The Small Hive Beetle, Aethena tumida, is one of the relatively recently arrived scourges of beekeeping.
First found in western Sydney in 2002, it came to us from South Africa where it is endemic.
It lives and feeds on fruit, but its best love is a beehive where it lays its eggs for its larvae to hatch into hungry grubs which feed on everything in the hive and leave a horrible slime over the combs.
It can kill even a strong colony very quickly.
Its advent and spread far and wide have added a new dimension to beekeeping, amateur and professional.
Beekeepers have had to invent traps, modify hives and devise ways of controlling the pest, adding to work and management costs.
What has this got to do with toast?
In early days after its arrival it was not a common sight, and I remember the first time I saw a beetle on a honeycomb.
It was at a Tocal Field Day where we had frames of bees in a display case, always a popular attraction for kids.
On the Sunday afternoon of the show a very observant young girl looking at the display asked, 'What is that little black thing on the comb?'
It was a Small Hive Beetle, only one, but by next morning the comb was teeming with white grubs.
One morning I sat down to breakfast, took a slice of toasted multigrain bread, spread some honey, (my own of course), but hesitated before eating when I noticed a small black object.
A grain from the bread?
But no, on closer look it was animate with little black legs.
A small hive beetle, but how did it get there?
How did it escape the filtering process?
There was a simple explanation.
It was a productive spring and one of my hives was so full of honey that the bees had built and filled a lot of burr comb between and on top of frames.

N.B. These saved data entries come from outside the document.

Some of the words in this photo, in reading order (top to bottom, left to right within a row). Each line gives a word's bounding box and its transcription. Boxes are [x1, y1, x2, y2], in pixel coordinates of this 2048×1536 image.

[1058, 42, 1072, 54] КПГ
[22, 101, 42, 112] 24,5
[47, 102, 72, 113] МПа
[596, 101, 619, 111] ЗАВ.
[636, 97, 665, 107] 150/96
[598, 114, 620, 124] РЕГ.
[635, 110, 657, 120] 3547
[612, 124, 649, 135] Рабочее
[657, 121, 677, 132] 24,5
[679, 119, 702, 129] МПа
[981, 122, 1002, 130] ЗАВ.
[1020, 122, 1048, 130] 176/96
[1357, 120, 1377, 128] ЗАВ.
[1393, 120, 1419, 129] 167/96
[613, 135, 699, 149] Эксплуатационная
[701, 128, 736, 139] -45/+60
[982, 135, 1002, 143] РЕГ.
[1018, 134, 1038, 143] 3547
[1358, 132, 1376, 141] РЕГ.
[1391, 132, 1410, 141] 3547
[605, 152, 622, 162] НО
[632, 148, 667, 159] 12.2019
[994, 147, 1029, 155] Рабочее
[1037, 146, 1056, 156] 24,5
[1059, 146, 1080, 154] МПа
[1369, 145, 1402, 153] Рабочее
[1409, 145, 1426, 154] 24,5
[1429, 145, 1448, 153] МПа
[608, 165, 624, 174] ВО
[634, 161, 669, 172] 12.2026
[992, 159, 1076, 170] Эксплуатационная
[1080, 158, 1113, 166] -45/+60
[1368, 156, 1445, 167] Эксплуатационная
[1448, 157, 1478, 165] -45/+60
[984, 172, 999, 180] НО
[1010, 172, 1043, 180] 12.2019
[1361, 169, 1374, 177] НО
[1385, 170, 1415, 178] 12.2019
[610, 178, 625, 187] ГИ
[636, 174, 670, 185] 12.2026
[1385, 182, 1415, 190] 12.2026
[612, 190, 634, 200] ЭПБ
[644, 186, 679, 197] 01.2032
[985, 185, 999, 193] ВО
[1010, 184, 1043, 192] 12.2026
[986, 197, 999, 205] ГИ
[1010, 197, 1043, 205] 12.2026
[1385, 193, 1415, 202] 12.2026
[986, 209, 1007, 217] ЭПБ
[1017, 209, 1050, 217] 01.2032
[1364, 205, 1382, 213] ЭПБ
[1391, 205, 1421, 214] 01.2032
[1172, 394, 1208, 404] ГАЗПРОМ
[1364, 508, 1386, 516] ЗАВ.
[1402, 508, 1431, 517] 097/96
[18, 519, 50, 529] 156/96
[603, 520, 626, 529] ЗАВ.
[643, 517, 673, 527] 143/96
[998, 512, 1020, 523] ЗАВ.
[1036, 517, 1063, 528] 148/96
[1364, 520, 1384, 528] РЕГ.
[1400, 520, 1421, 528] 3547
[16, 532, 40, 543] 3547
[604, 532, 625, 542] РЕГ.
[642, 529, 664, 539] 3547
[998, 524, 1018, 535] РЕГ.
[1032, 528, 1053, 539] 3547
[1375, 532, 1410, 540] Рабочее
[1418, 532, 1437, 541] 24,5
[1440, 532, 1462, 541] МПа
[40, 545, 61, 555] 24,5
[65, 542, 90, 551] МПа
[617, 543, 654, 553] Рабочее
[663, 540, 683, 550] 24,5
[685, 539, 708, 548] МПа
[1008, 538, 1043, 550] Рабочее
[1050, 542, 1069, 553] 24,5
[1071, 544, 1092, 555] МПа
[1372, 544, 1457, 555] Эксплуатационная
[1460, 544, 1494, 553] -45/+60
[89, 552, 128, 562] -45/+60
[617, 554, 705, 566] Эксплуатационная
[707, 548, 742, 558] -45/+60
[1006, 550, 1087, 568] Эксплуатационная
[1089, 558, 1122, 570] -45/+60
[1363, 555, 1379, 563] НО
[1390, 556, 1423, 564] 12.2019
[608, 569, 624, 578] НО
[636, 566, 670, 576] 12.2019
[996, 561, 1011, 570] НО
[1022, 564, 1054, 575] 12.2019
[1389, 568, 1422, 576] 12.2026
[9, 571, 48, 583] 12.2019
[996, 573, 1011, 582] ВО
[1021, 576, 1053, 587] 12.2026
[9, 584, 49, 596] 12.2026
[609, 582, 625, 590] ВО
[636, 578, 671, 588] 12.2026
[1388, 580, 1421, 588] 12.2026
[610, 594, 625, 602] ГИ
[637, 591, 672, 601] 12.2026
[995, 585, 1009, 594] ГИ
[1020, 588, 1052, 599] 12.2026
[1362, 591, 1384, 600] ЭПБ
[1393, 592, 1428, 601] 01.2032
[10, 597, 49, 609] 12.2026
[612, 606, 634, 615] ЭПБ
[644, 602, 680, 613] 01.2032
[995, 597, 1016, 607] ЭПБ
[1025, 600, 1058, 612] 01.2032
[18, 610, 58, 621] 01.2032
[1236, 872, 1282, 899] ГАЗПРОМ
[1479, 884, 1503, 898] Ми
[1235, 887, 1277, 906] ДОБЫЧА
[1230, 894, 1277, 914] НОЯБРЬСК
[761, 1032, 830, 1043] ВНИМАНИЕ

Such burr comb has to be scraped off, and is often wasted, but it was lovely freshly built comb full of beautiful golden runny honey.
As I was shown growing up, I never waste anything and certainly not this golden treasure.
So I had scraped it off, dumped it in my billy and saved it for 'after'.
The honey 'extracted' from the beeswax by gravity found its way to the breakfast table.
The early beehive invader which had escaped early attention must have drowned in the honey only to appear on my toast.
Sadly, finding this pest on honeycomb is no longer a surprise - it is a menace for bees and beekeepers.
- Jim Wright is a life member of the Hunter Valley branch of the Amateur Beekeepers' Association of NSW.